## SOURCE DATA
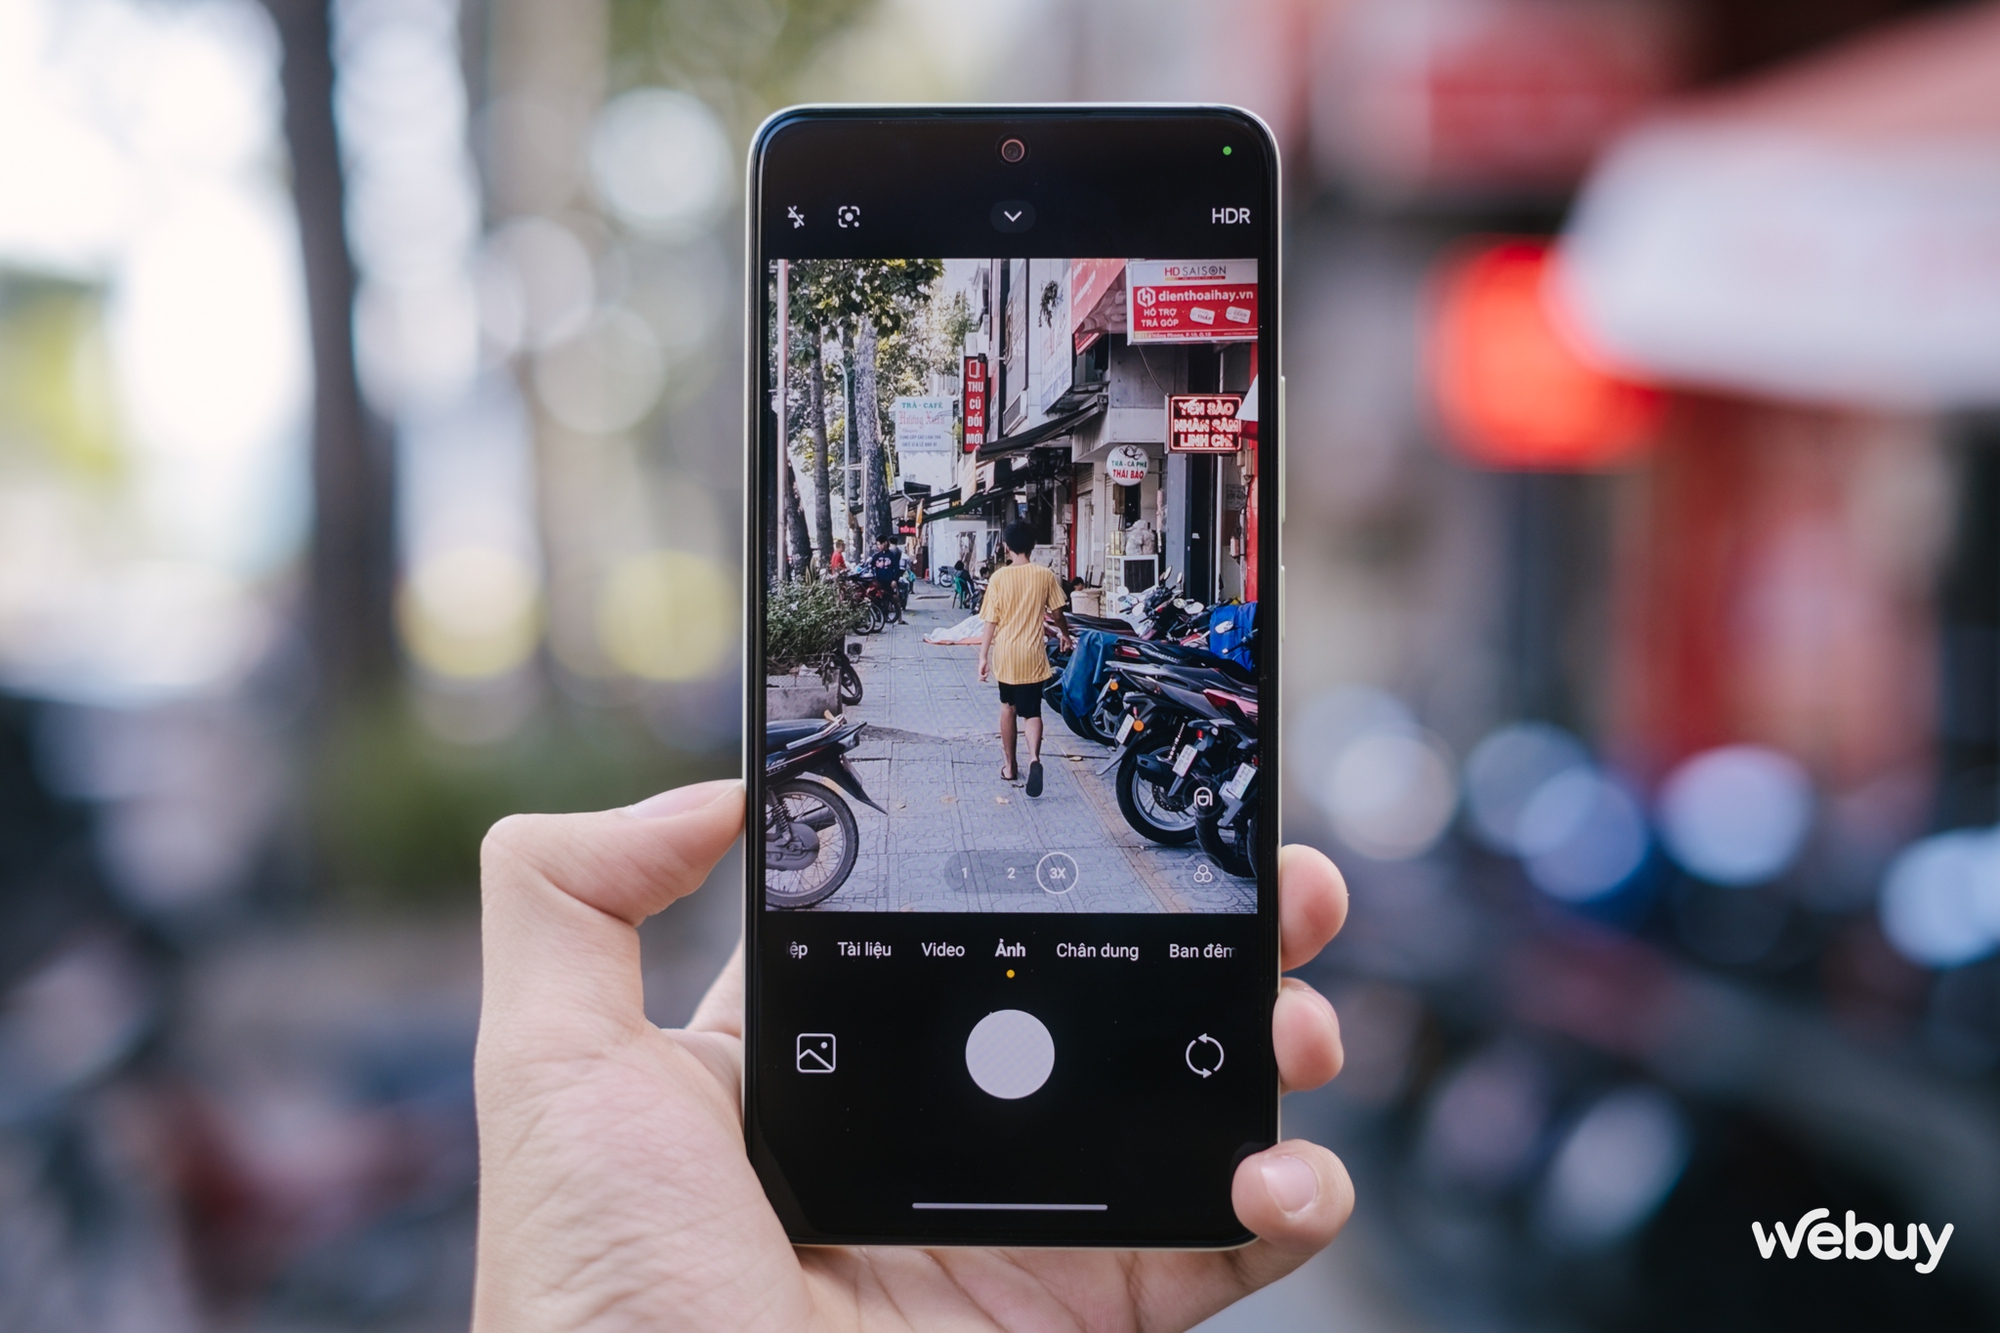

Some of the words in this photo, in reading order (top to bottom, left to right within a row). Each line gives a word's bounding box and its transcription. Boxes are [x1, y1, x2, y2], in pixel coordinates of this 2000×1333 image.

[1212, 207, 1251, 224] HDR
[1164, 266, 1180, 277] HD
[1182, 265, 1227, 276] SAISON
[1158, 289, 1254, 303] dienthoaihay.vn
[967, 381, 984, 393] THU
[961, 867, 968, 879] 1
[1007, 867, 1015, 879] 2
[1049, 867, 1066, 879] 3X
[837, 941, 861, 957] Tài
[864, 941, 892, 959] liệu
[921, 942, 966, 957] Video
[994, 938, 1026, 957] Ảnh
[1056, 942, 1096, 958] Chân
[1100, 943, 1140, 961] dung
[1169, 944, 1199, 958] Ban
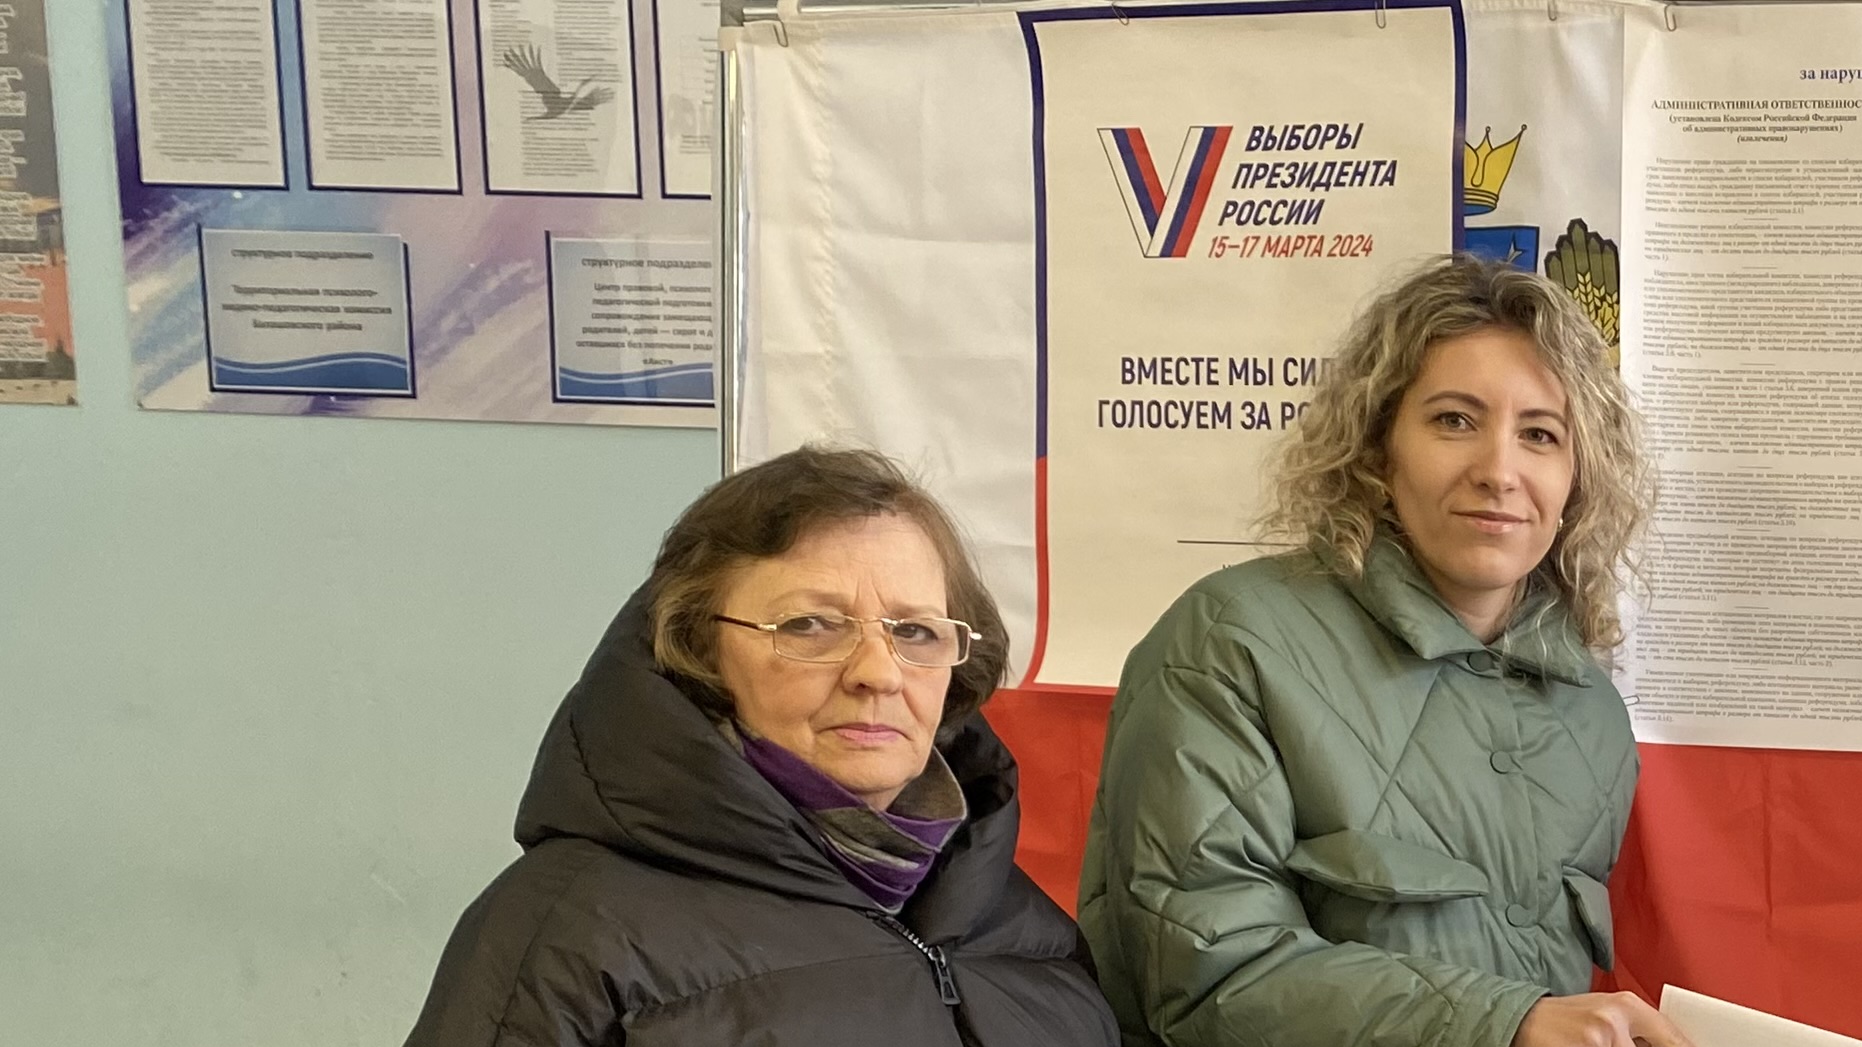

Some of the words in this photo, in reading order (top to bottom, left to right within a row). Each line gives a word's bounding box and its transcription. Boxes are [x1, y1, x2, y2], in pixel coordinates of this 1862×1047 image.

## BRIEF
Give back every line of the material exactly as written, but not the pictures.

## EXPECTED OUTPUT
Some of the words in this photo, in reading order (top to bottom, left to right within a row). Each line gives a word's bounding box and its transcription. Boxes are [x1, y1, x2, y2], in pixel coordinates of this 2000×1333 image.

[1212, 207, 1251, 224] HDR
[1164, 266, 1180, 277] HD
[1182, 265, 1227, 276] SAISON
[1158, 289, 1254, 303] dienthoaihay.vn
[967, 381, 984, 393] THU
[961, 867, 968, 879] 1
[1007, 867, 1015, 879] 2
[1049, 867, 1066, 879] 3X
[837, 941, 861, 957] Tài
[864, 941, 892, 959] liệu
[921, 942, 966, 957] Video
[994, 938, 1026, 957] Ảnh
[1056, 942, 1096, 958] Chân
[1100, 943, 1140, 961] dung
[1169, 944, 1199, 958] Ban

Some of the words in this photo, in reading order (top to bottom, left to right within a row). Each line gives a word's bounding box and its transcription. Boxes are [x1, y1, x2, y2], in pixel coordinates of this 1862×1047 image.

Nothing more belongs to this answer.